Jeremy Goldstein Offers Insights On How Knockout Options Can Benefit Employers

According to Jeremy Goldstein, many companies are not issuing employees with stock options. A number of companies pursue this strategy with the objective of minimizing operational costs. Notably, firms stopped issuing stock options because of three major issues. The first major problem is that the stock value may drop considerably, challenging the staff to exercise their options. Companies that offer stock options are required to report the associated expenses. Additionally, stockholders can be faced with option overhang.

The second concern is that presently, many employees are wary of the compensation method. They understand that economic downturns regularly render options worthless. Thirdly, options generate significant accounting burdens. The associated costs may exceed the financial advantage of such derivatives. Employees do not always consider benefit of options as valuable as the big salaries.

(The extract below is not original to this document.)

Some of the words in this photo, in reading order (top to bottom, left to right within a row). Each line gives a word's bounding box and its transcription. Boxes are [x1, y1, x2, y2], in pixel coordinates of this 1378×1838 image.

Nevertheless, the compensation method has its advantages. It is still preferable as compared to better insurance coverage or additional wages. It is easier for employees to comprehend how stock options work. They offer equivalent value to the entire staff. Moreover, options enhance personal earning if a company’s share value rises. Employees will be motivated to redouble their efforts to satisfy the utility of existing customers, attract desirable customers and create innovative services.

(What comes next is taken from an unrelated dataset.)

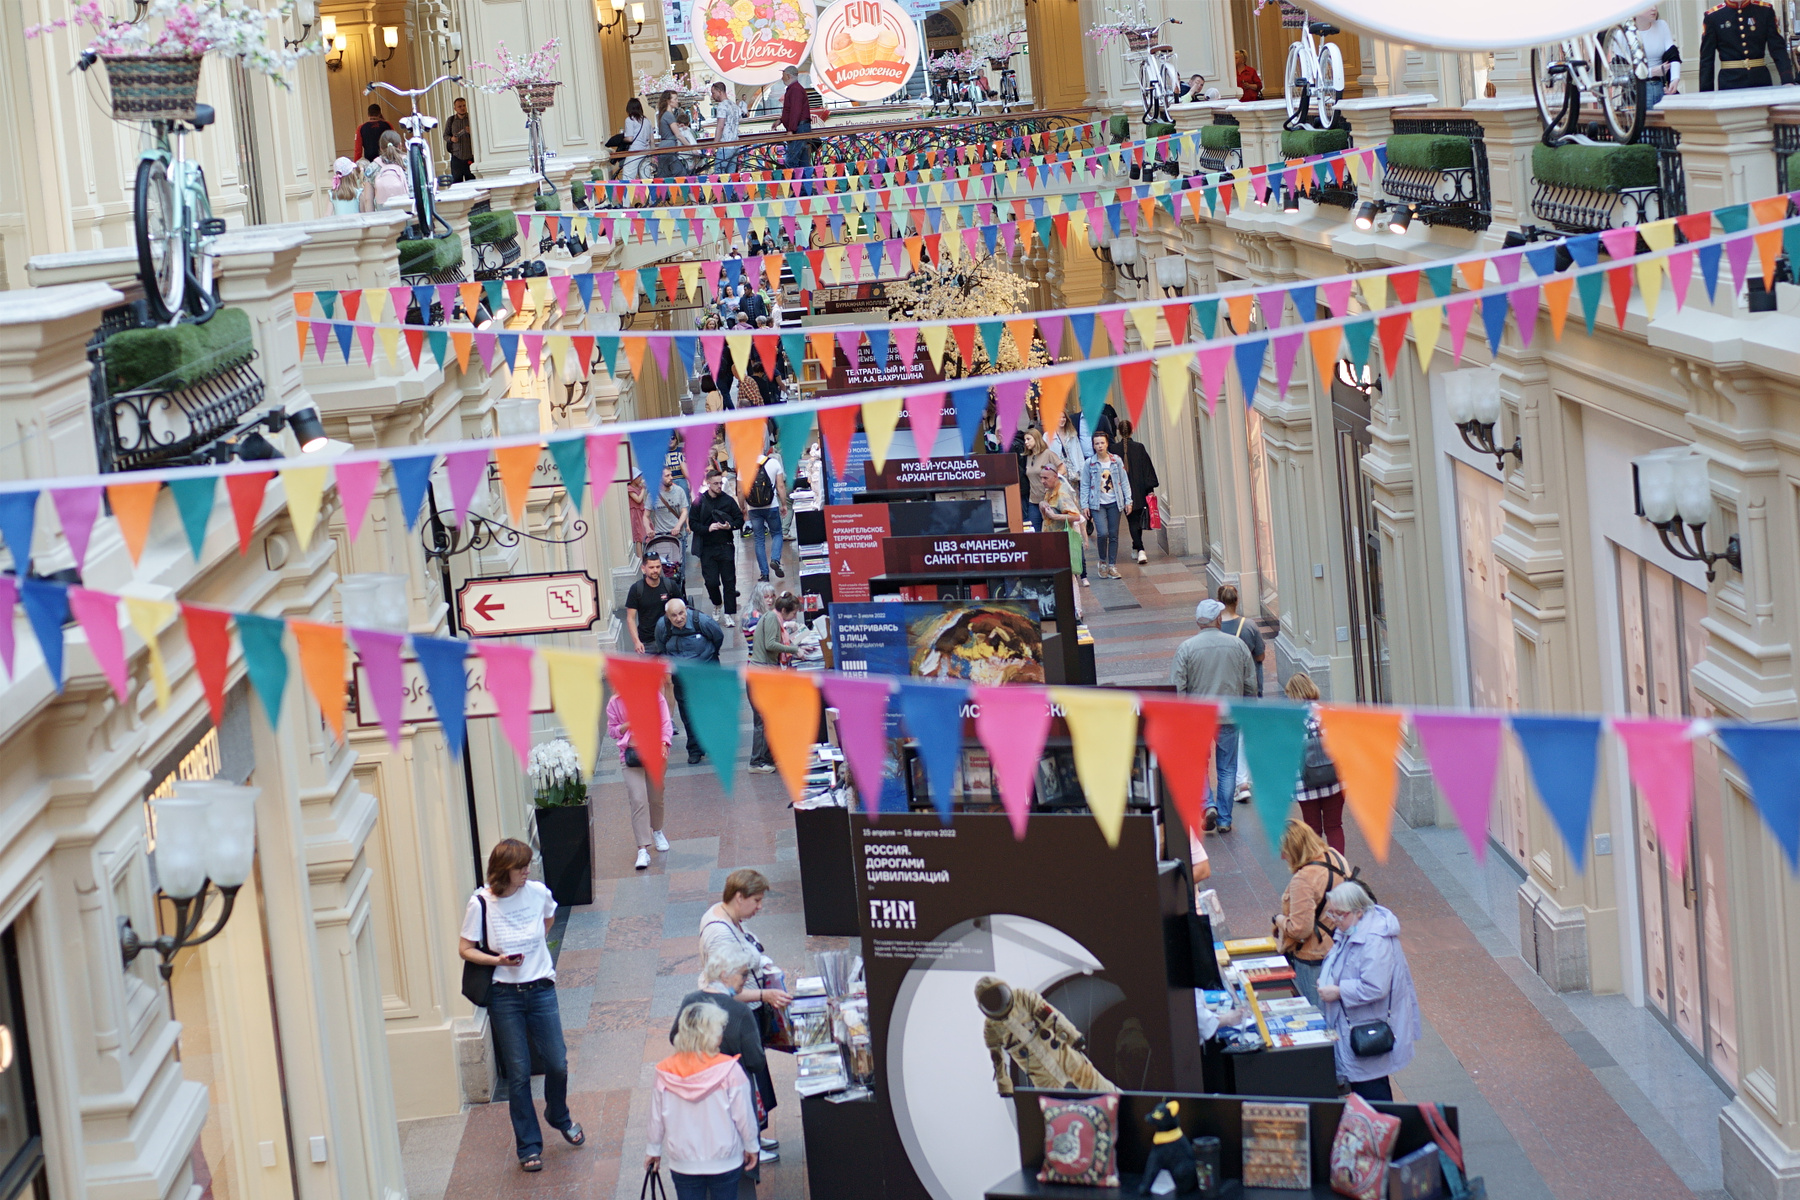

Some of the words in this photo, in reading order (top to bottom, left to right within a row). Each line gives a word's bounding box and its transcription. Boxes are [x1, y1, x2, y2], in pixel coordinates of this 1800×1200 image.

Some Internal Revenue Service rules make it difficult for companies to offer employees with equities. Corporations may face greater tax burdens when they issue shares instead of options.

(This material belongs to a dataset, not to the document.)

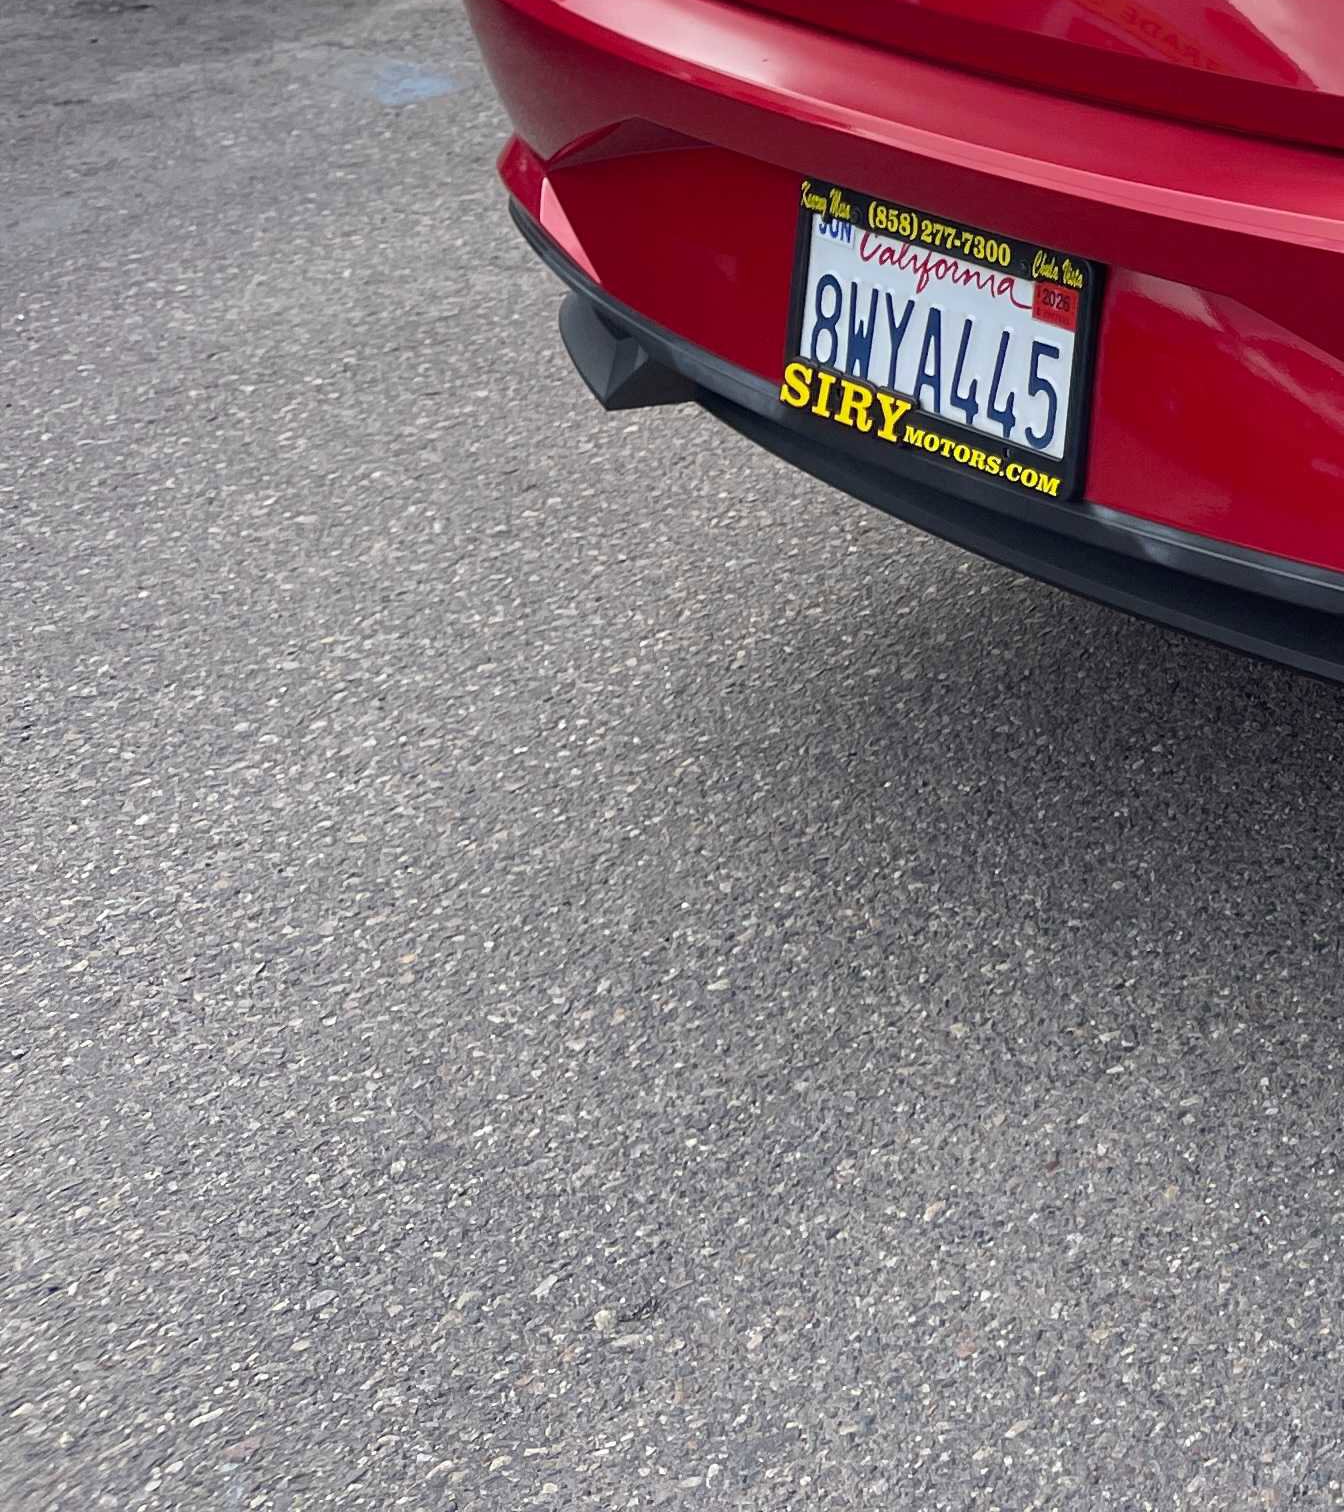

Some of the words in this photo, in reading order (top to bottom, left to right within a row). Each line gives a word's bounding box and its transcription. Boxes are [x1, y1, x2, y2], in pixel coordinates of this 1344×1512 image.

[780, 362, 913, 443] SIRY
[902, 425, 1061, 497] MOTORS.COM
[810, 273, 1061, 450] 8WYA445
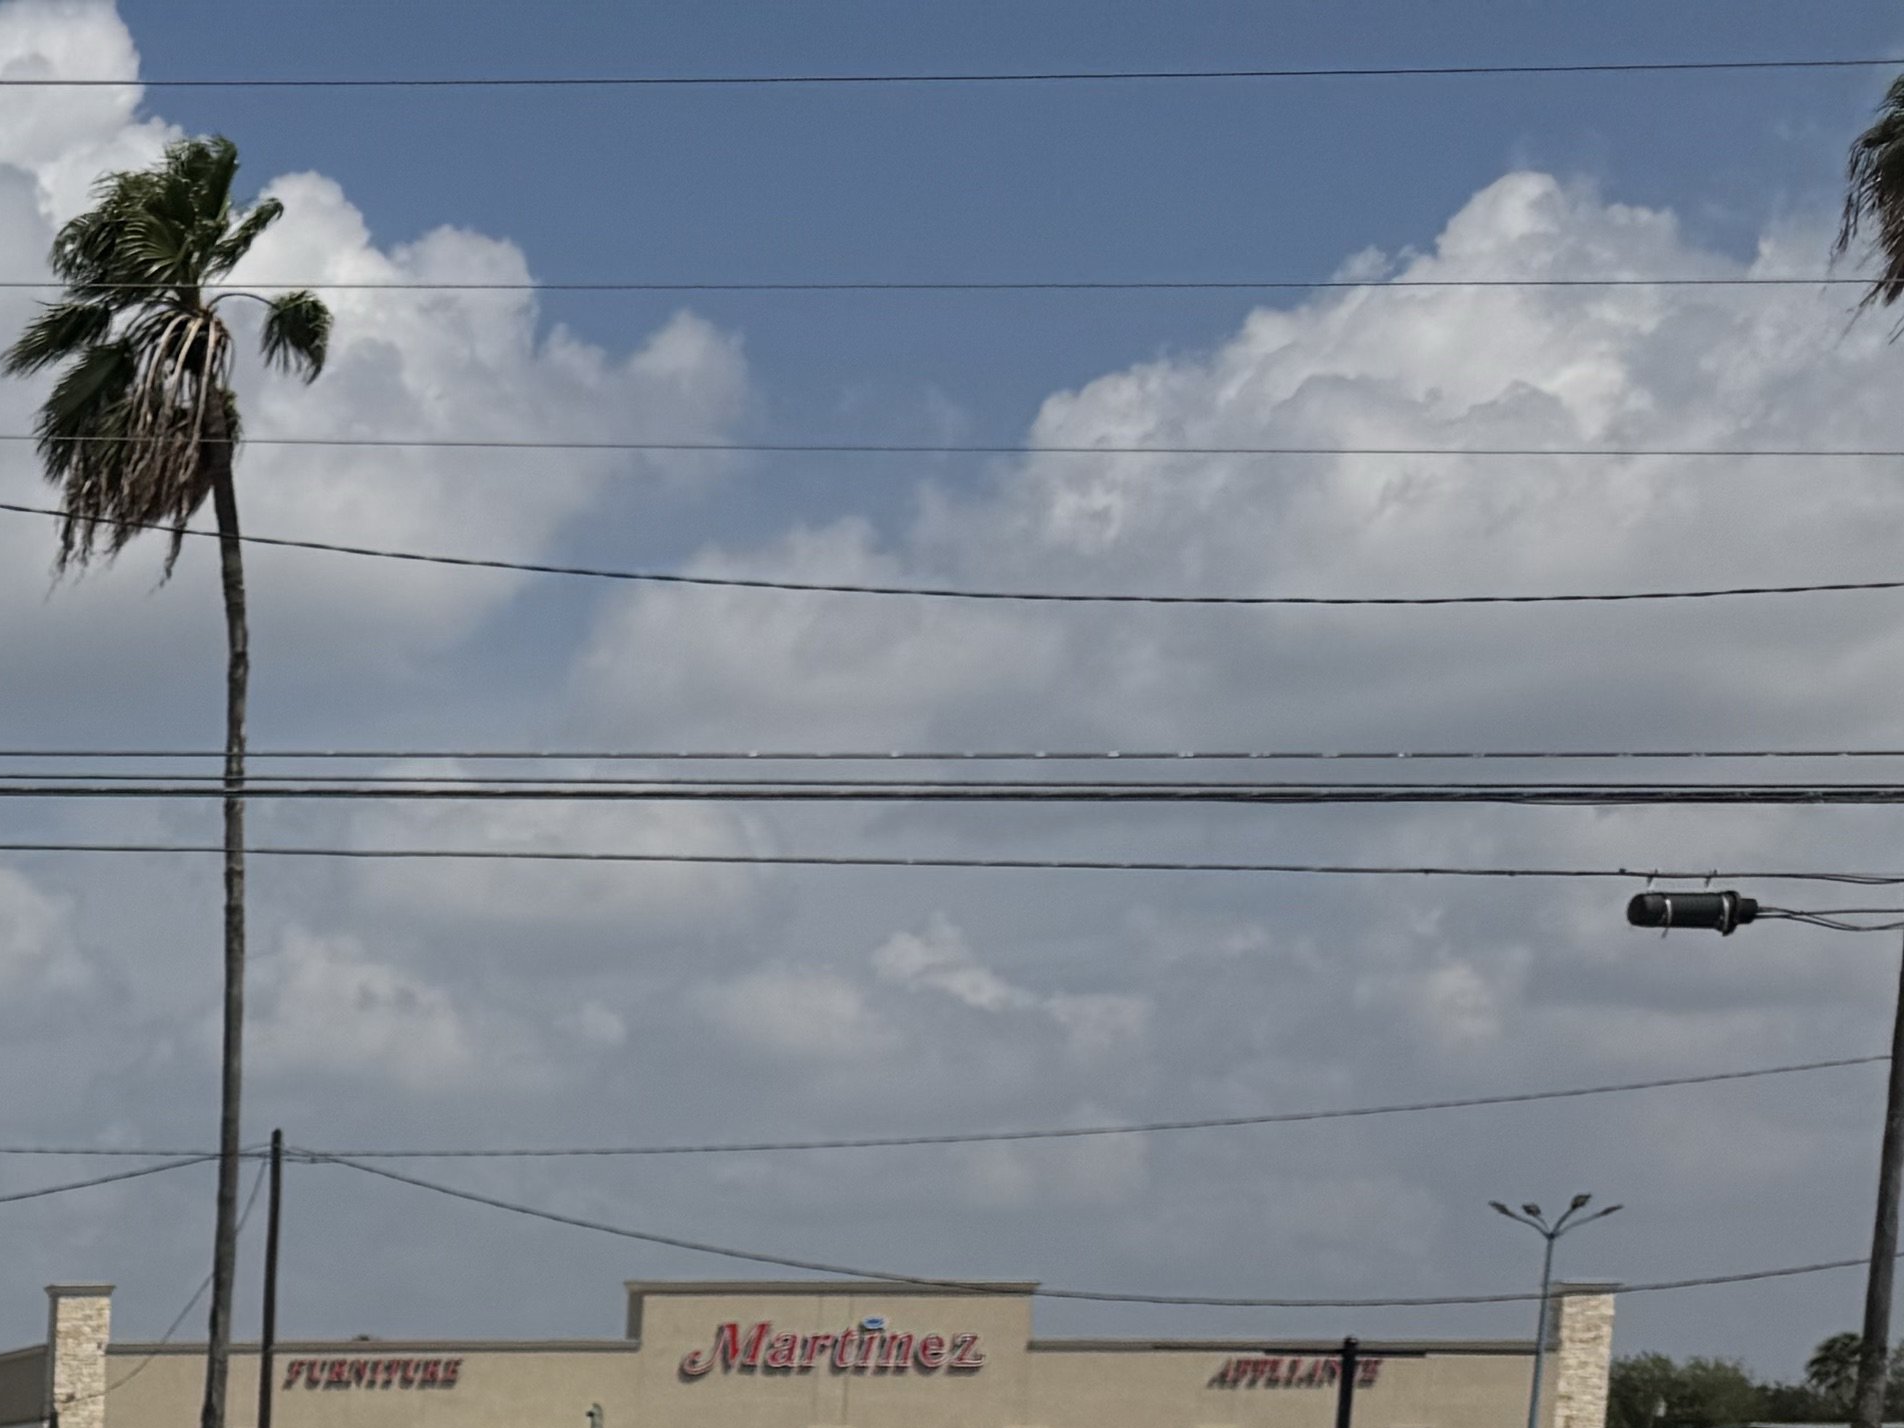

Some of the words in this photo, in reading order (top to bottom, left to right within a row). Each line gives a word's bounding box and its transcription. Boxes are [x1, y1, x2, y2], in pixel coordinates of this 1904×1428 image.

To this end, if a company opts to provide its staff with stock options, it can gain several benefits and avoid extra costs by adopting the correct strategy. A company must take the necessary measures to limit overhangs as well as initial and ongoing expenses. The best option is to use a Knockout strategy, a stock option that has the same limits and vesting requirements similar to their conventional counterparts. However, employees can lose them if the share values lowers beyond a specific amount.


About Jeremy Goldstein

He is a partner at a boutique law firm, Jeremy L. Goldstein & Associates LLC. The firm provides CEOs, management teams, corporations and compensation committees with insights on corporate governance and compensation. While offering his advice, Goldstein focuses on transformative corporate events along with sensitive issues.

Previously, Jeremy Goldstein rendered his services for Wachtell, Lipton, Rosen & Katz as a partner. In the last ten years, he has engaged in some of the largest corporate transactions such as the United Technologies’ acquisition of Goodrich. He holds a Juris Doctor from the New York University School of Law. He also holds a BA degree from the esteemed Cornell University.